One Cheer For The MSM — And The Rest Of The Story

By Joe Guzzardi

04/29/2005

Years ago when I began my banking career in New York, Merrill Lynch assigned me to the Midwest to cover corporate accounts.

As someone uncomfortable in the world of high-rise office buildings and crowded subways, I looked forward to my trips to the wide-open spaces of Illinois, Nebraska, Kansas and Iowa.

I called on, among others, the John Deere Company. Deere management met my plane, took me on a tour of its facilities and introduced me to farmers who owned their equipment.

I loved it. To me, I was seeing America at its best.

But during the last twenty years, the Midwest has become another, less attractive place.
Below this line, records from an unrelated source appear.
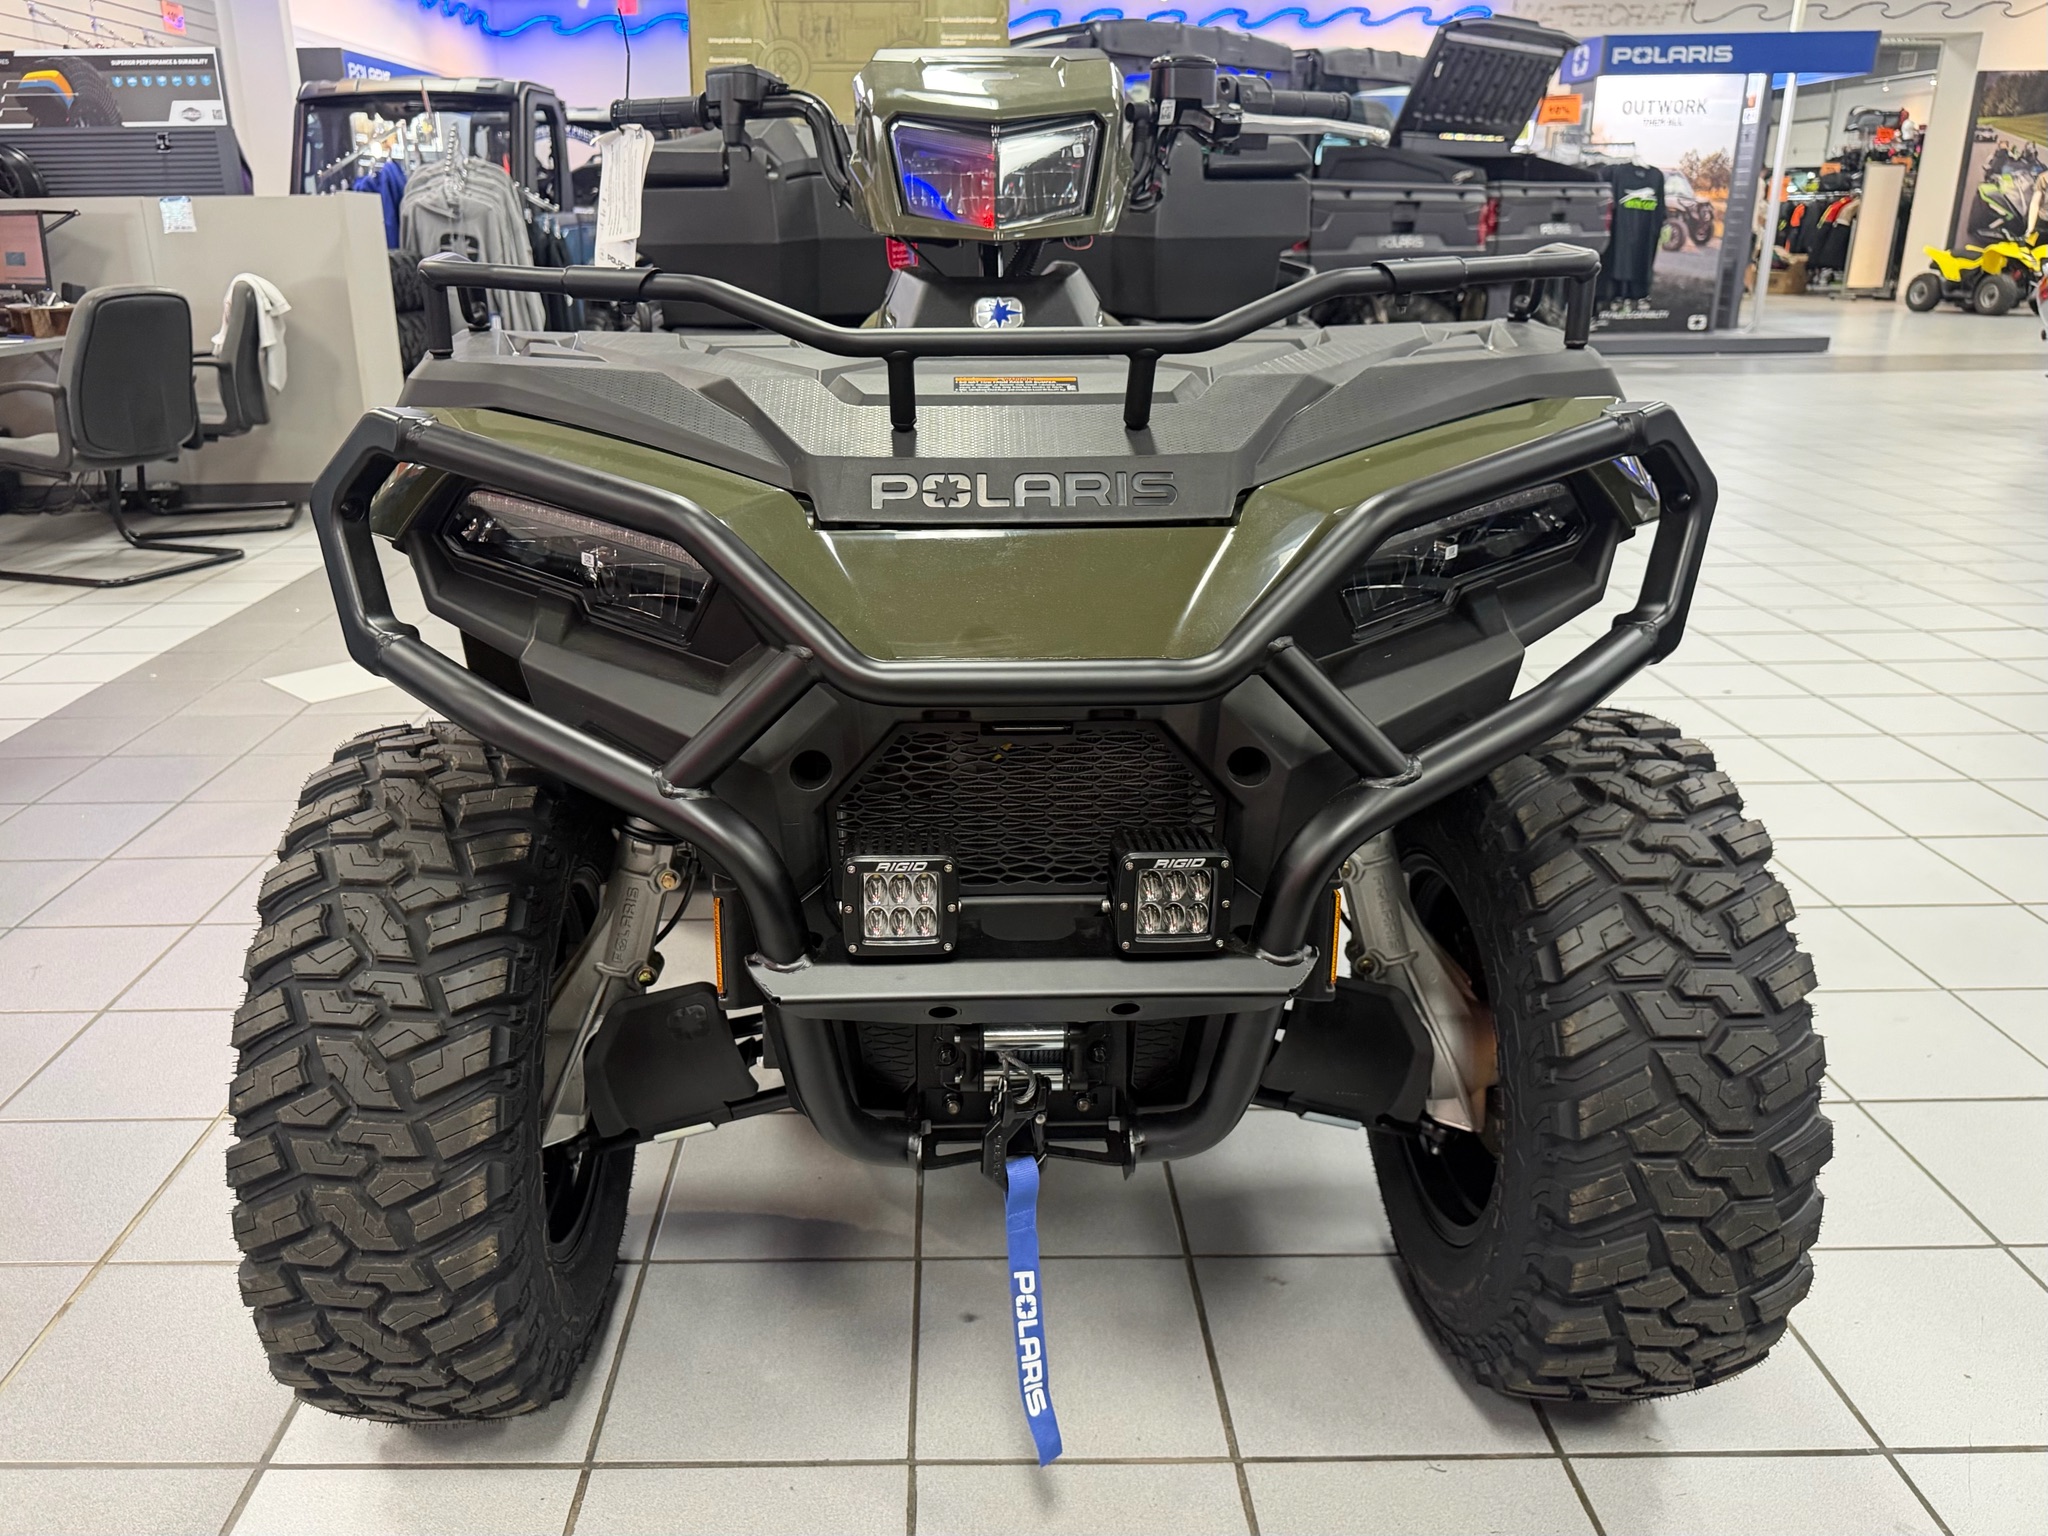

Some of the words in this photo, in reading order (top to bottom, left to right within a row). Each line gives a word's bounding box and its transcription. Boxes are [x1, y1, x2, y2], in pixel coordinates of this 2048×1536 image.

[178, 58, 209, 66] DURABILITY
[1611, 45, 1734, 65] POLARIS
[1622, 98, 1708, 115] OUTWORK
[1377, 234, 1425, 249] POLARIS
[870, 471, 1178, 510] POLARIS
[876, 861, 928, 872] RIGID
[1153, 857, 1207, 869] RIGID
[612, 887, 640, 964] POLARIS
[1013, 1270, 1047, 1417] POLARIS
Illegal immigration is one reason why life in the heartland is so radically changed.

"ID’s Sold to Illegal Immigrants," a 60 Minutes Wednesday segment that focused on the Cargill Company in Schuyler, Nebraska, made my point perfectly.

As CBS correspondent Bob Simon’s blunt introduction put it:

"So a black market of identities for sale has sprung up and has spread from the Southwest, where Hispanic immigrants used to settle, to places in the heartland, which will never be the same."

For emphasis, he added:

"But increasingly, the faces of the people who live here are Hispanic. Eighty percent of the first graders at Schuyler Grade School are Hispanic. But that wasn’t always the case. Back in 1985, there wasn’t a single Hispanic student at this school." Trend In Meatpacking Towns Raises Question Of 'White Flight'

CBS, supported by an insightful interview with Terry Anderson, did an excellent job — perhaps the best ever to appear in the mainstream media — of showing how corporate greed exploits illegal aliens.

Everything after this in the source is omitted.